### [ACTION ITEM]
Return all of the data below verbatim and exclude every picture.

** DATA follows **

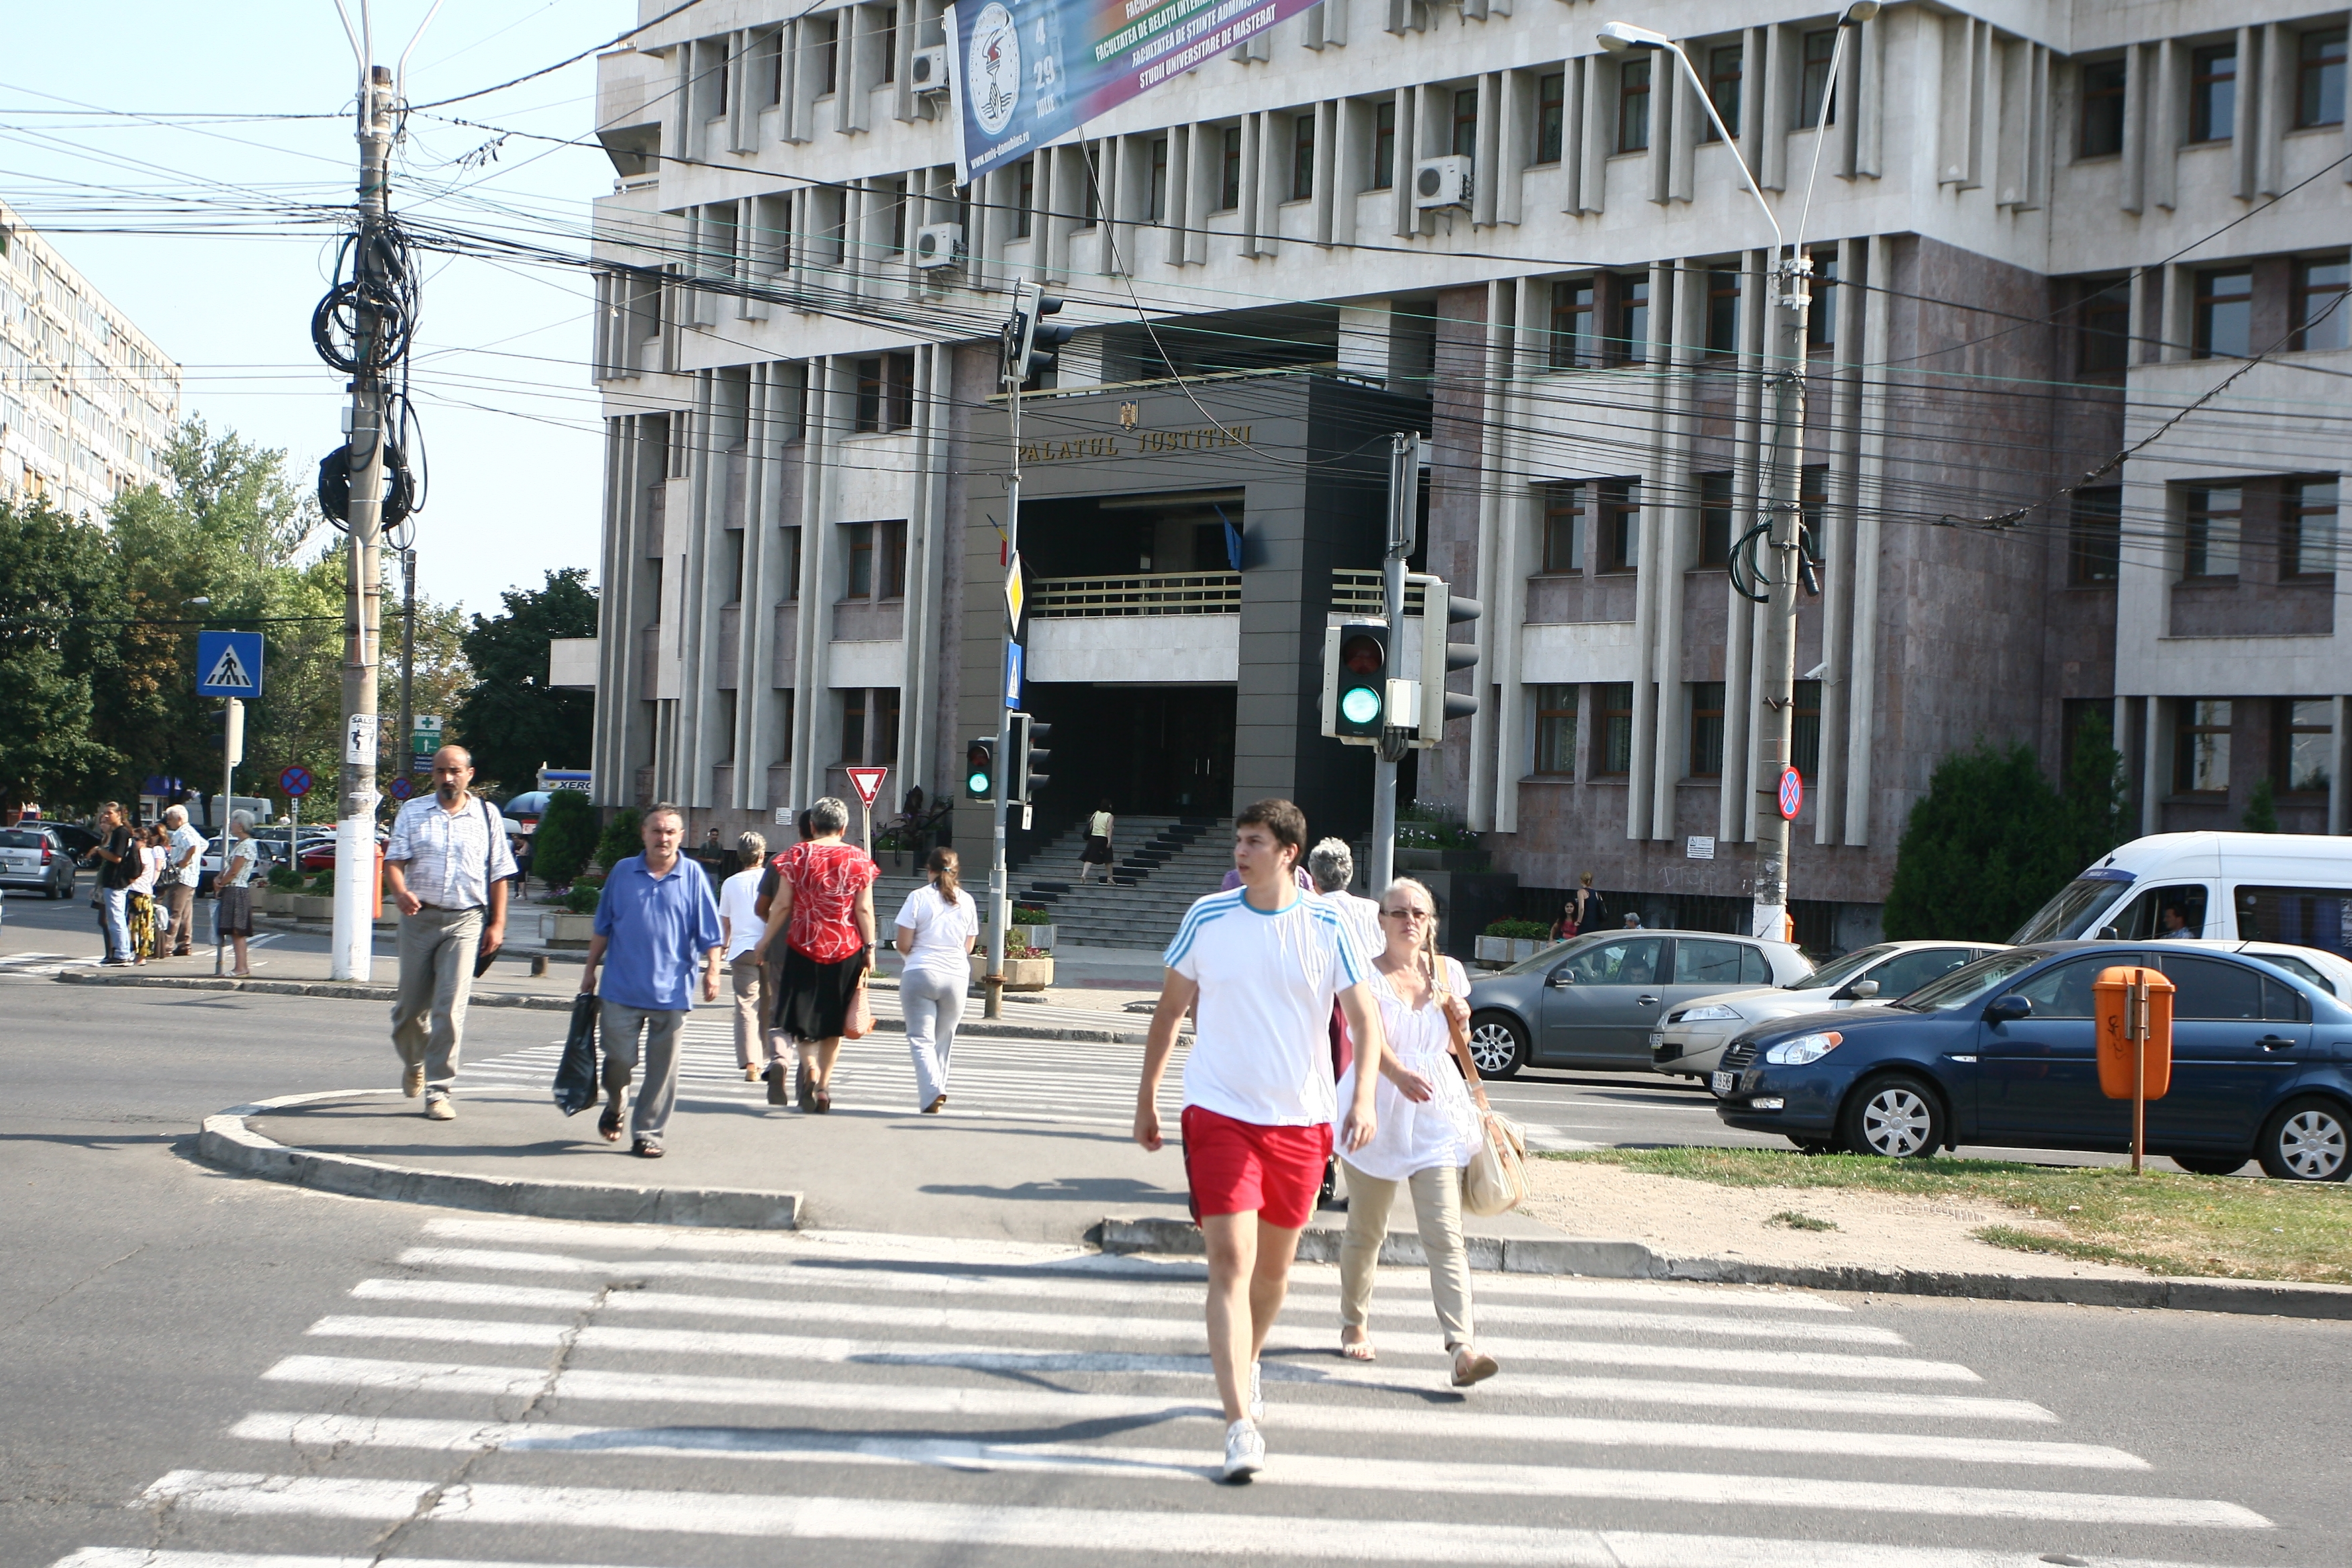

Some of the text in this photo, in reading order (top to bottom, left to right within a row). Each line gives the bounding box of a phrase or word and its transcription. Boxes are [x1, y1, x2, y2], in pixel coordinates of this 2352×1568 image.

[1125, 0, 1163, 19] FACUL
[1036, 17, 1046, 45] 4
[1095, 26, 1138, 62] FACULTATEA
[1138, 19, 1148, 39] DE
[1132, 32, 1175, 68] FACULTATEA
[1175, 26, 1186, 45] DE
[1139, 3, 1277, 89] STUDII UNIVERSITARE DE MASTERAT
[1034, 55, 1056, 91] 29
[970, 131, 1030, 170] www.univ-danubius.ro
[1019, 436, 1118, 462] PALATUL

** End of DATA **

### [WRITTEN RESPONSE]
Some of the text in this photo, in reading order (top to bottom, left to right within a row). Each line gives the bounding box of a phrase or word and its transcription. Boxes are [x1, y1, x2, y2], in pixel coordinates of this 2352×1568 image.

[1125, 0, 1163, 19] FACUL
[1036, 17, 1046, 45] 4
[1095, 26, 1138, 62] FACULTATEA
[1138, 19, 1148, 39] DE
[1132, 32, 1175, 68] FACULTATEA
[1175, 26, 1186, 45] DE
[1139, 3, 1277, 89] STUDII UNIVERSITARE DE MASTERAT
[1034, 55, 1056, 91] 29
[970, 131, 1030, 170] www.univ-danubius.ro
[1019, 436, 1118, 462] PALATUL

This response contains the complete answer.